Here's my simple script:

 

$querySelect = mysql_query("SELECT * FROM  video WHERE video.id = '$_GET[id]'");
$rowcount = mysql_fetch_assoc($querySelect);
$count = $rowcount['counter'];

if (empty($count)) {
$counter = 1;
$insert = mysql_query("INSERT INTO video (counter) VALUES ($counter) WHERE video.id = '$_GET[id]'");
}

$add = $count+1;
$insertNew = mysql_query("UPDATE video SET counter='$add' WHERE video.id = '$_GET[id]'");

 

thanks,

Ryan

Link to comment
https://forums.phpfreaks.com/topic/223908-any-way-to-identify-bots/
Share on other sites

a good bot is hard to spot. bad bots aren't as hard to spot.

 

as far as I know, the most sure-fire way to detect a bot is to require that the visitor execute Javascript code to count as a hit. but with php you can check for things like user agent, reverse dns to try to acquire the remote domain name, other header information that might be available, etc.

As an aside, there's no reason to run 3 database queries in that script.
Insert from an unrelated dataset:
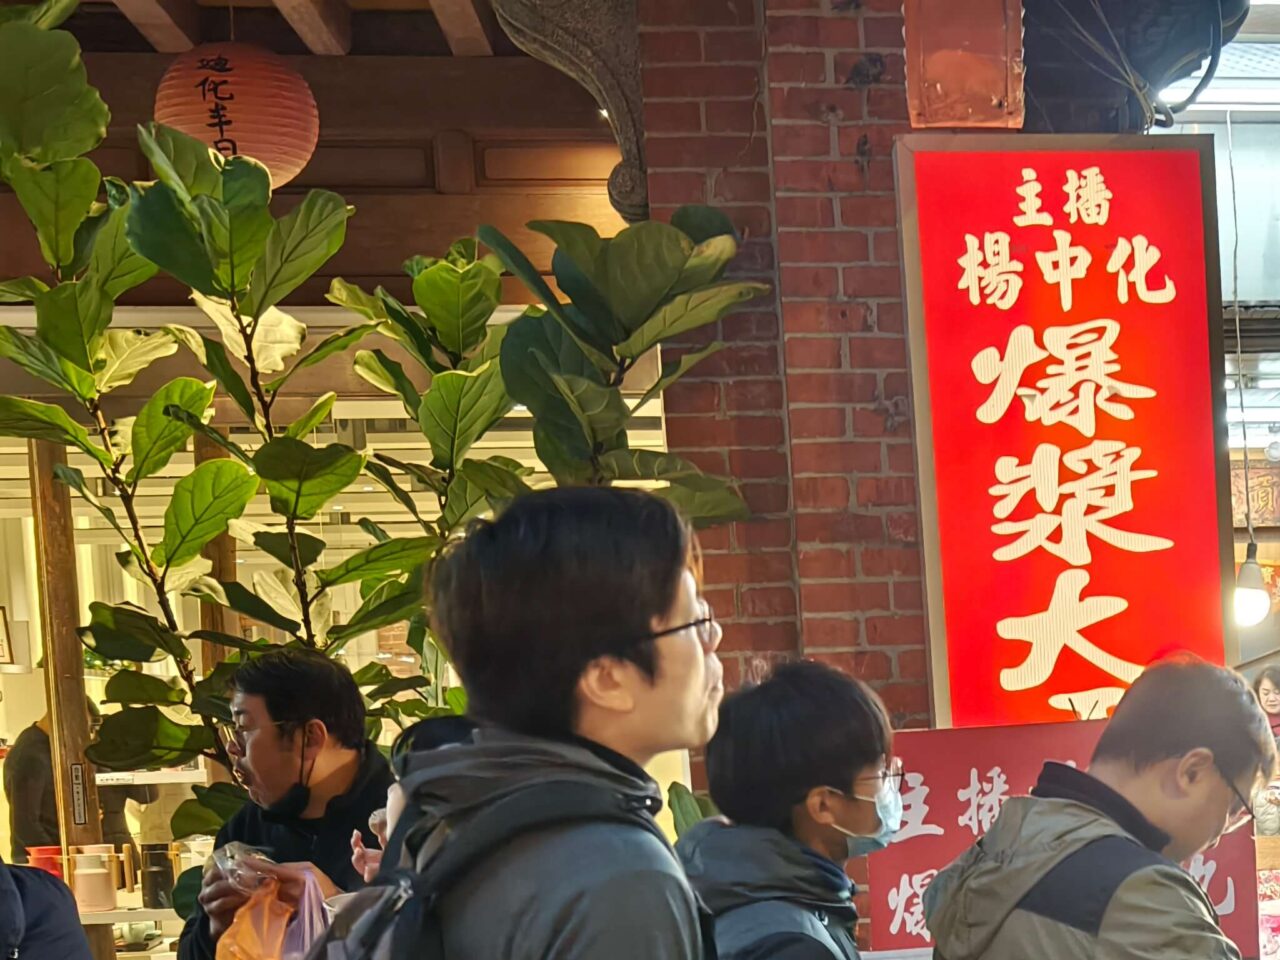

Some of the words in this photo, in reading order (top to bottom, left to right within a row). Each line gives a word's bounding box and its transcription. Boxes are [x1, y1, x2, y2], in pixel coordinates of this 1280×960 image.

[1011, 165, 1114, 228] 主播
[956, 229, 1177, 312] 楊中化
In phpMyAdmin, alter the table so any future entries get 0 as a default value in the `counter` field then set all of the empty `counter` fields to 0 (only needs to be done once).

UPDATE `video` SET `counter` = 0 WHERE `counter` = '' OR `counter` IS NULL

 

Then change the script above so that when a valid visitor is detected it executes this query (after validating/sanitizing $_GET['id'] of course):

"UPDATE `video` SET `counter` = (`counter` + 1) WHERE `id` = {$_GET['id']}"

Thank you, Picachu. That worked perfectly.

 

Here's what I have now (below).  My question now is do I have to run this array -- or -- is their some identifying "tag" that all bots have that flags them as a bot? 

 

That way I could just check for that tag, and if it's present -- not count the page view.  Please let me know if you have any ideas.

 

Thank you again for your help. 

Ryan

$botarray = array(   
                "Teoma",                   
                "alexa",
                "froogle",
                "inktomi",
                "looksmart",
                "URL_Spider_SQL",
                "Firefly",
                "NationalDirectory",
                "Ask Jeeves",
                "TECNOSEEK",
                "InfoSeek",
                "WebFindBot",
                "girafabot",
                "crawler",
                "Googlebot",
                "Scooter",
                "Slurp",
                "appie",
                "FAST",
                "WebBug",
                "Spade",
                "ZyBorg");


    foreach($botarray as $botname) {

      if(ereg($botname, $HTTP_USER_AGENT)) {
      
      
              
$recep = "[email protected]";
		$subject = "... bot";
		$text = "$botname";
		$headers = "X-Mailer: PHP\n";
		mail("$recep","$subject","$text","$headers");


}
else
    {
    
    $a = TRUE;
     
    }
     }
   
if ($a) {
mysql_query("UPDATE `video` SET `counter` = (`counter` + 1) WHERE `id` = {$_GET['id']}");

};


 

 

Nice bots will read and follow your robots.txt file, and they will give you plenty of information in headers to recognize them, including user agent.

 

Bad bots (yandex.ru for one) and data scraper bots will ignore robots.txt and they will give no indication that they are bots except that they (probably) will not execute javascript. They will usually include a regular web browser user agent.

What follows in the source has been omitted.